Eine Justiz, die viel zu ausgedünnt ist, kann Rechtsstaatlichkeit nicht umsetzen. Das sollten wir jetzt angehen, mehr aber nicht.
Wenn wir etwas für den Handel in den Innenstädten tun wollen, könnten wir im Bereich der Baunutzungsverordnung so einiges machen. Solange wir Städte segmentiert in Wohnen, Arbeiten, Industrie und Handel aufteilen, ist keine Stadt der Zukunft in Sicht, sondern eine Stadt der Vergangenheit.
Wenn Innenstädte belebt sein sollen, wenn Arbeit zurück in die Städte kommen soll, brauchen wir eine Änderung. Das ist doch logisch. Auch bei den Quadratmeterzahlen können wir etwas machen; denn die Aufteilung in Groß- und Einzelhandel funktioniert überhaupt nicht mehr; dazwischen liegen so viele Schritte.
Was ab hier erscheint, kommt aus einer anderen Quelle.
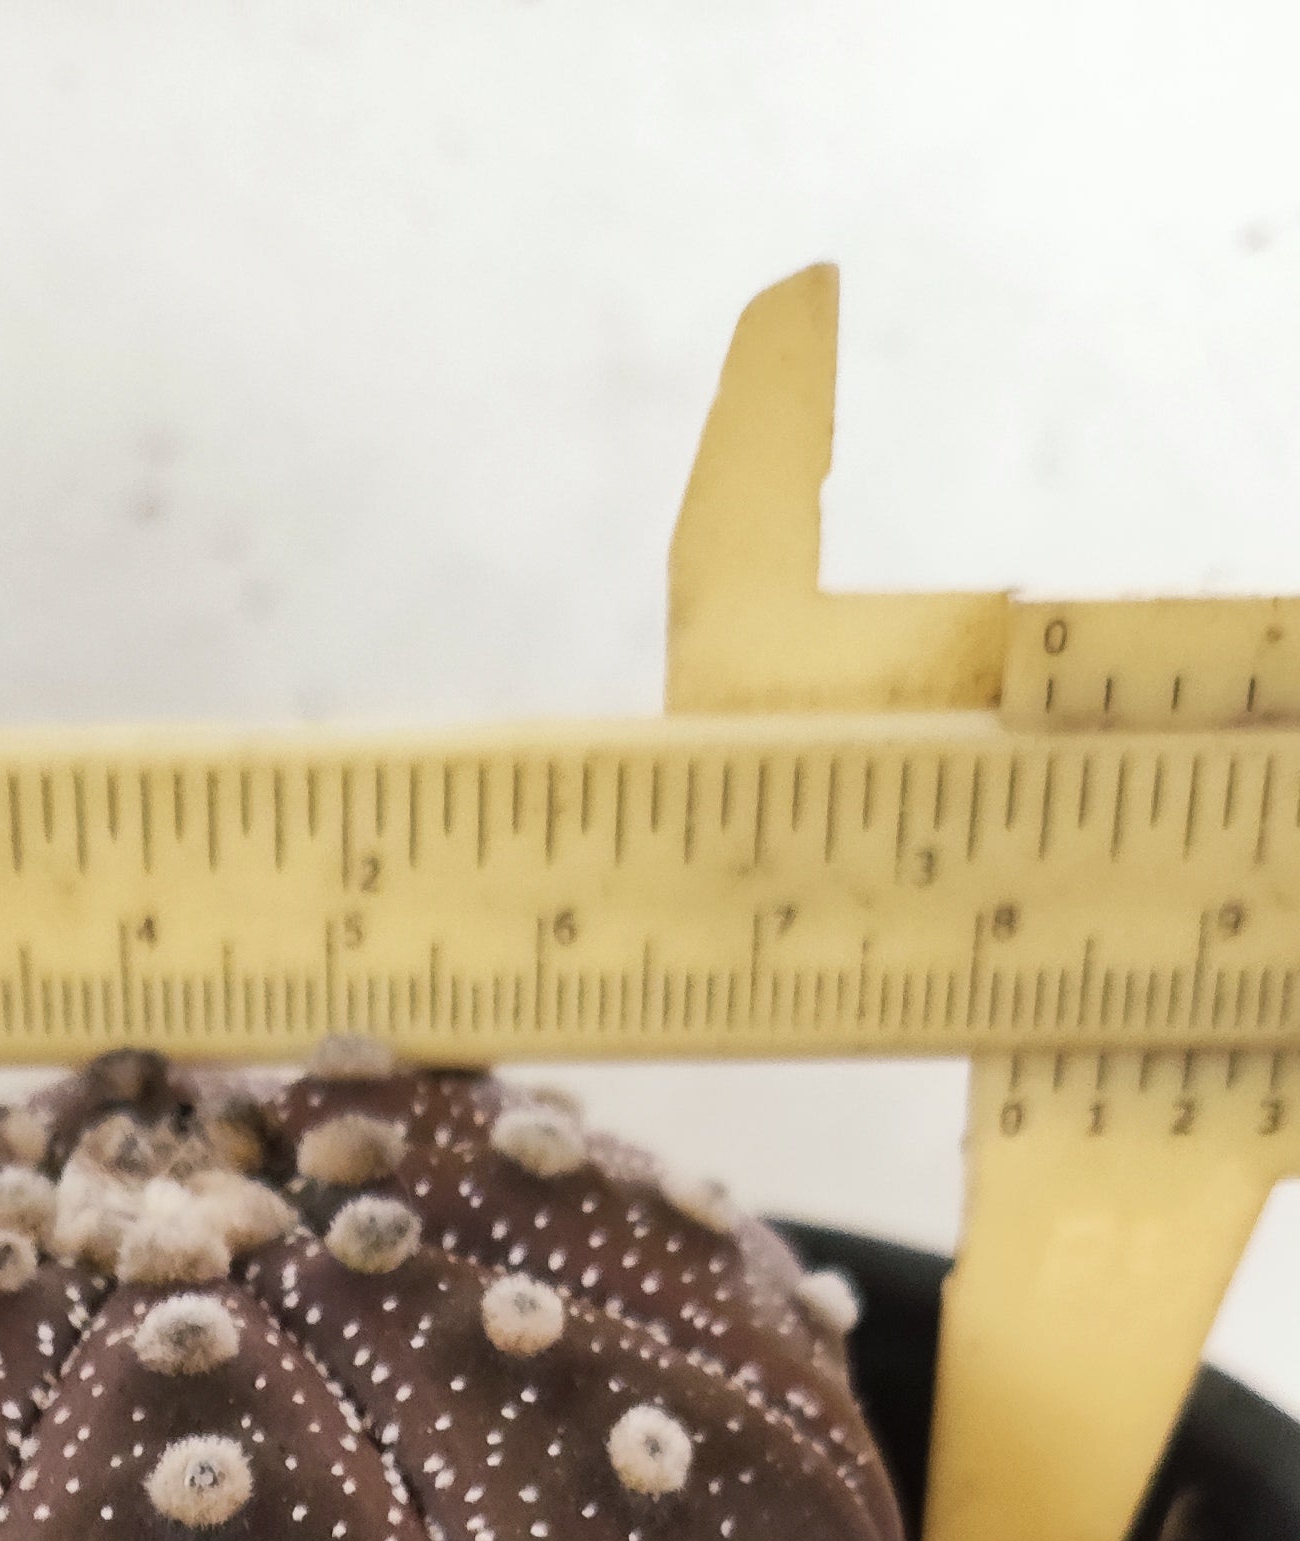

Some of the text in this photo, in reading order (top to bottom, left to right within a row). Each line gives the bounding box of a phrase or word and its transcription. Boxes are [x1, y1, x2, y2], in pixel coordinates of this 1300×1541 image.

[1043, 618, 1069, 656] 0
[358, 850, 384, 893] 2
[913, 843, 939, 889] 3
[136, 911, 159, 946] 4
[341, 911, 365, 949] 5
[553, 909, 579, 947] 6
[772, 902, 798, 939] 7
[991, 900, 1021, 943] 8
[1216, 900, 1247, 941] 9
[1000, 1098, 1287, 1138] 0 1 2 3
Die Baunutzungsverordnung kann angepackt werden. Los geht’s! Da ist eine ganze Menge Luft nach oben.
Wenn wir alles – Gewerbe, Arbeiten, Wohnen – zurück in die Stadt holen wollen, müssen wir sehen, dass die TA Lärm das behindert. Eine Experimentierklausel wäre hilfreich. Sie könnte uns helfen, die Innenstädte zu beleben.
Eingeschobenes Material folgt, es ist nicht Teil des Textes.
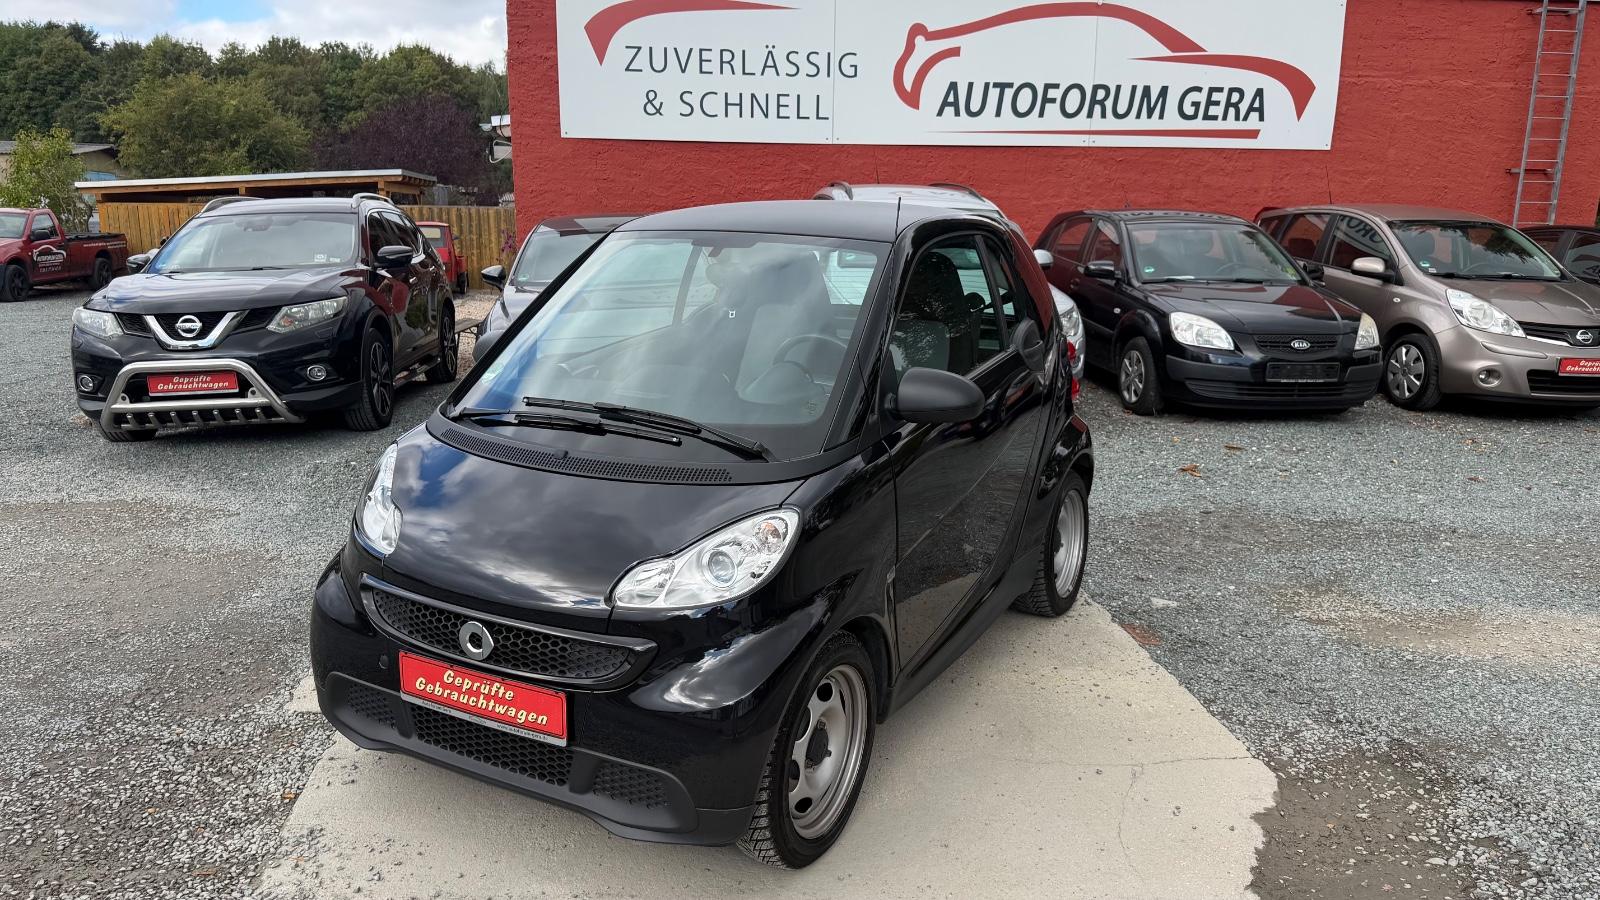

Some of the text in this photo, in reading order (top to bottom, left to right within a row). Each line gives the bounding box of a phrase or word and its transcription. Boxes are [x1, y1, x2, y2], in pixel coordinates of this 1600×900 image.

[624, 44, 859, 79] ZUVERLÄSSIG
[642, 89, 830, 121] & SCHNELL
[936, 81, 1265, 122] AUTOFORUM GERA
[157, 381, 229, 390] Gebrauchtwagen
[173, 375, 212, 384] Geprüfte
[415, 677, 548, 725] Gebrauchtwagen
[443, 670, 515, 700] Geprüfte
Digitalisieren Sie die Innenstädte. Tun Sie was, damit wir Waffengleichheit zwischen Online- und Offlinehandel haben. Wenn Sie digitalisieren, dann werden die Leute, die durch die Städte laufen, über Apps auf Geschäfte und Angebote aufmerksam gemacht und können beim Gang durch die Innenstadt bestellen. So retten Sie den Handel vor Ort, wenn Sie das wirklich wollen. Waffengleichheit zwischen Online- und Offlinehandel, das ist das Gebot der Stunde.
Setzen Sie die Umsatzsteuer überall im Internet durch. Erste Schritte wurden gemacht; das reicht aber noch nicht. Nur so sichern wir den Handel in Deutschland in Zukunft. Es gibt noch eine ganze Menge, was wir selber machen können. Das wäre richtig.
Solange die B-Pläne in Deutschland acht Jahre brauchen, nutzt das schönste Gesetz, das im Bundestag beschlossen wird, nichts, weil sich der Handel vor Ort dann gar nicht so schnell ändern kann.